## Work request:
Transcribe every record as it stands and set the images aside.

-- Source information follows --

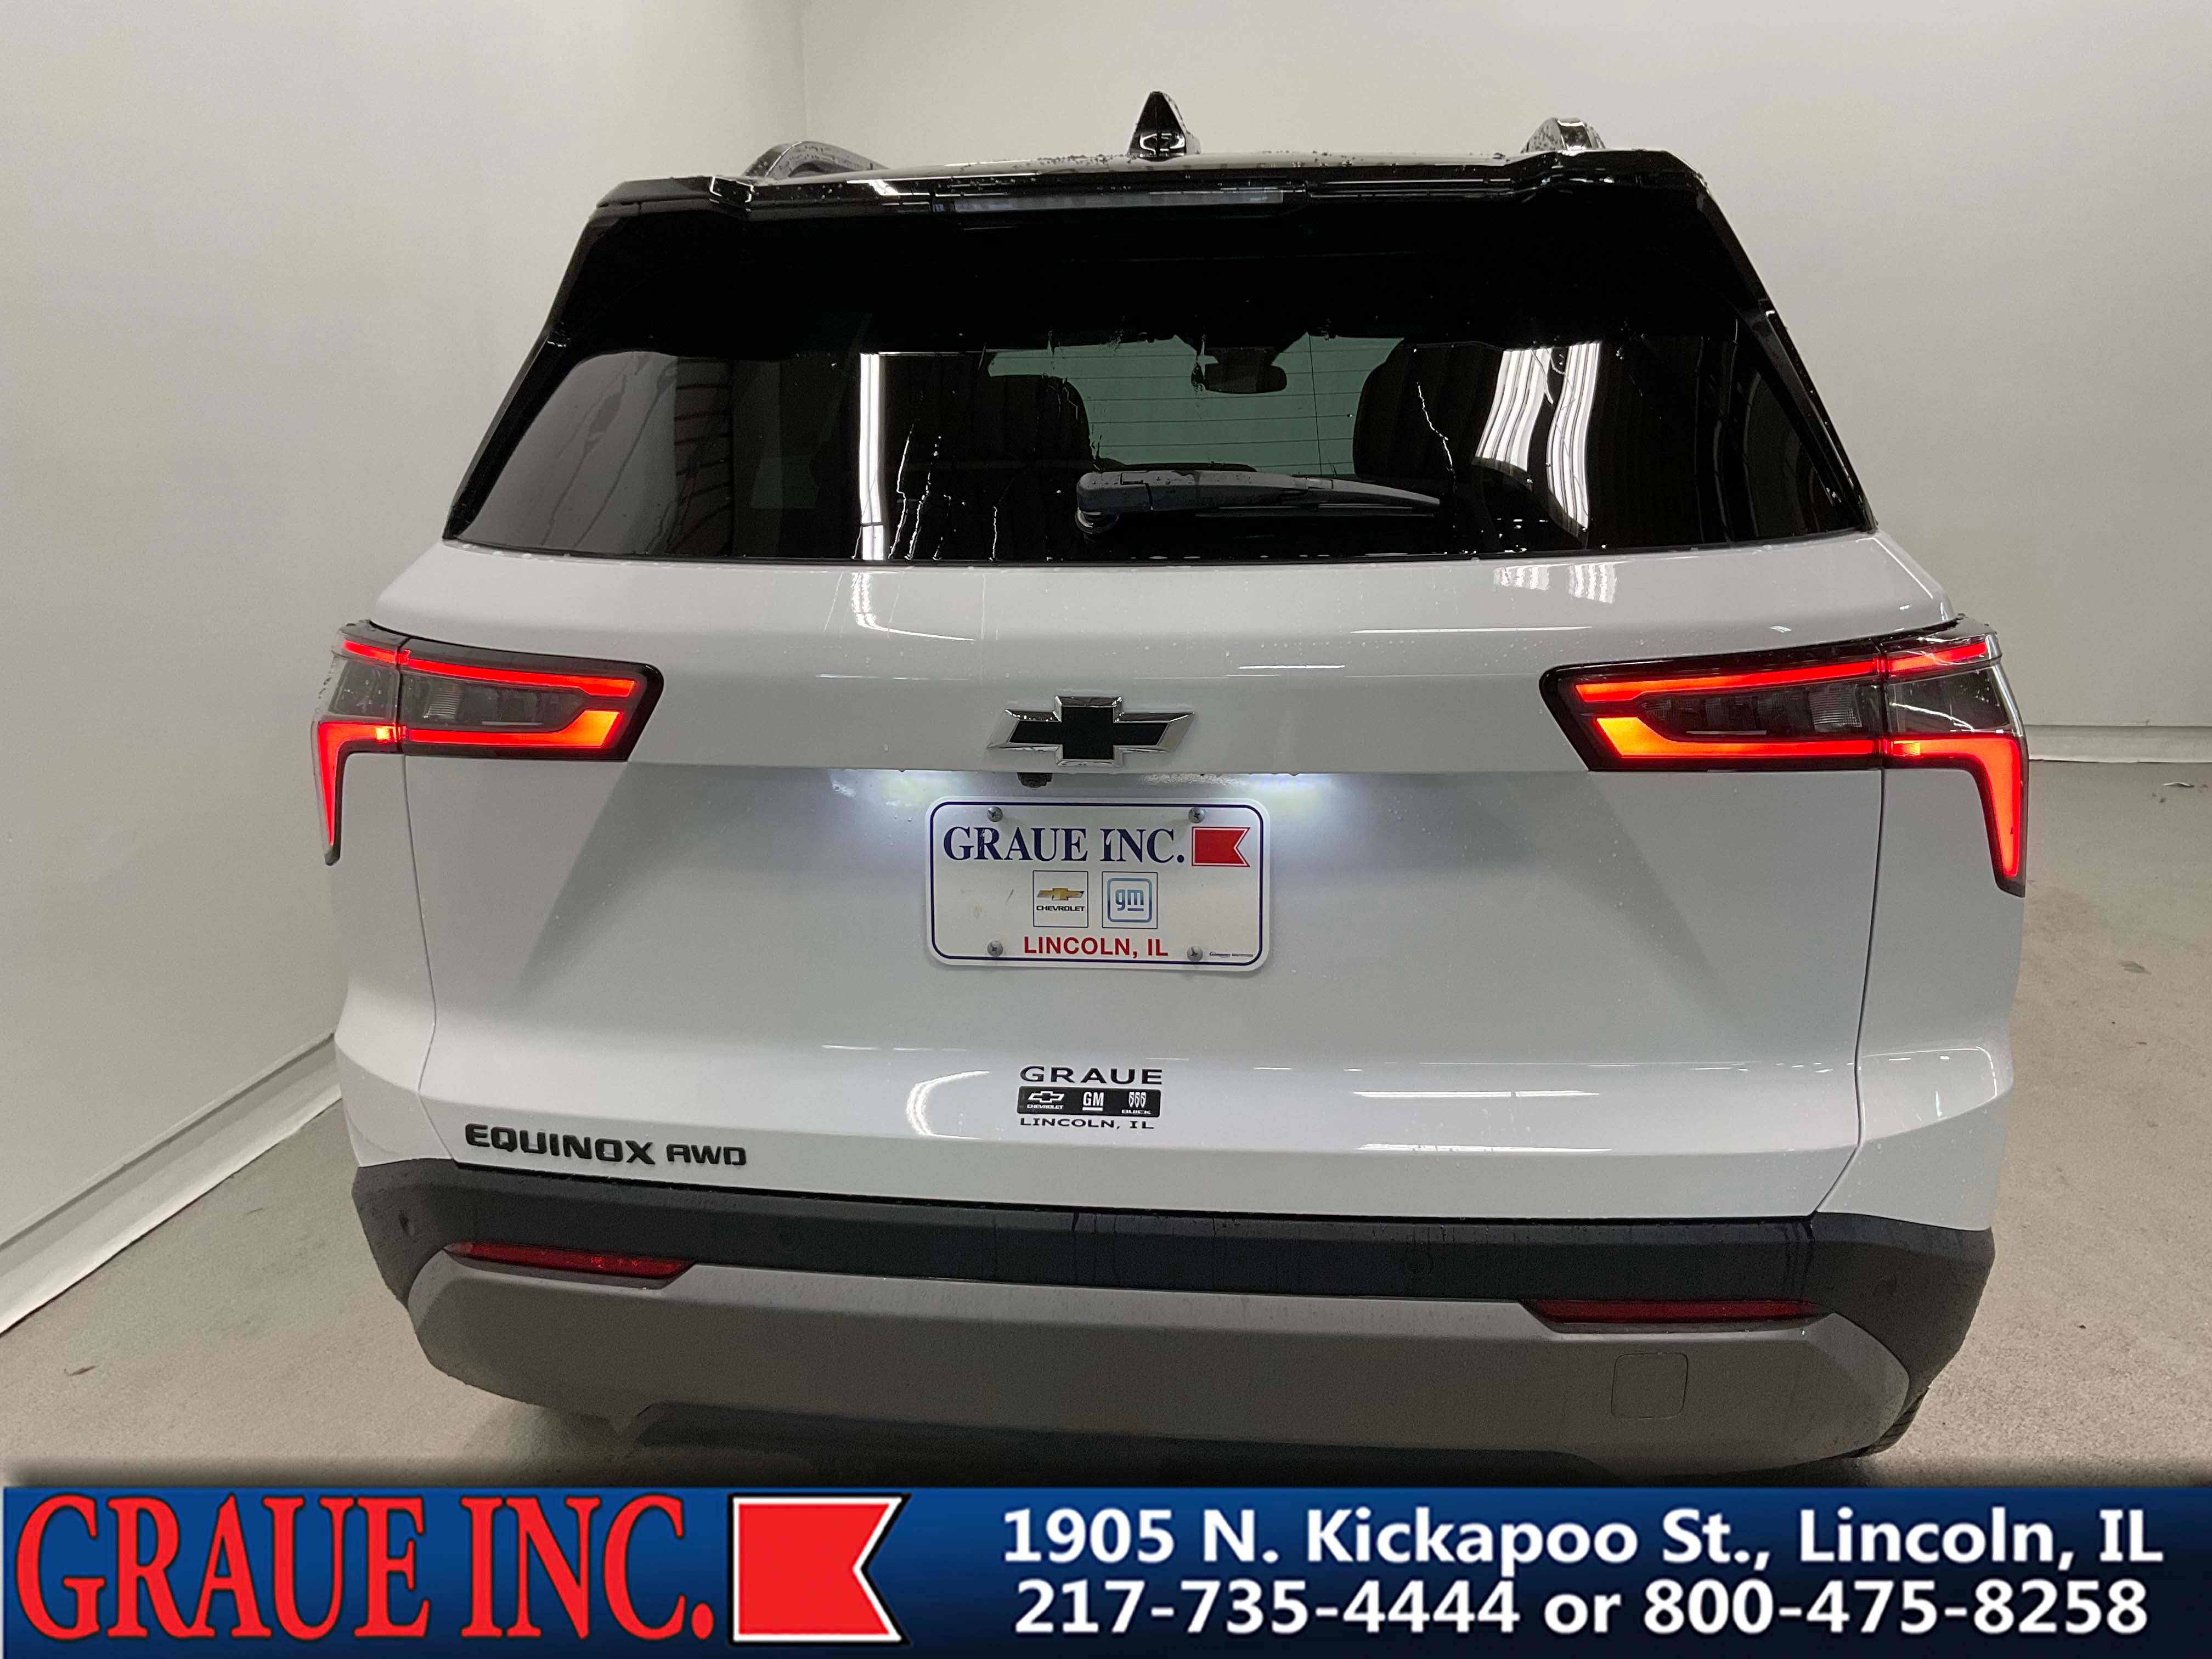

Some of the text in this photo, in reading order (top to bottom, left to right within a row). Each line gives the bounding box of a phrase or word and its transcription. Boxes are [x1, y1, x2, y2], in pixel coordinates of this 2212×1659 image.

[943, 826, 1184, 864] GRAUE INC.
[1115, 889, 1144, 912] gm
[1024, 936, 1169, 957] LINCOLN, IL
[1020, 1065, 1163, 1085] GRAUE
[1082, 1091, 1104, 1107] GM
[1020, 1117, 1154, 1129] LINCOLN, IL
[465, 1123, 747, 1166] EQUINOX AWD

-- Source information concluded --

## Solution to this problem:
Some of the text in this photo, in reading order (top to bottom, left to right within a row). Each line gives the bounding box of a phrase or word and its transcription. Boxes are [x1, y1, x2, y2], in pixel coordinates of this 2212×1659 image.

[943, 826, 1184, 864] GRAUE INC.
[1115, 889, 1144, 912] gm
[1024, 936, 1169, 957] LINCOLN, IL
[1020, 1065, 1163, 1085] GRAUE
[1082, 1091, 1104, 1107] GM
[1020, 1117, 1154, 1129] LINCOLN, IL
[465, 1123, 747, 1166] EQUINOX AWD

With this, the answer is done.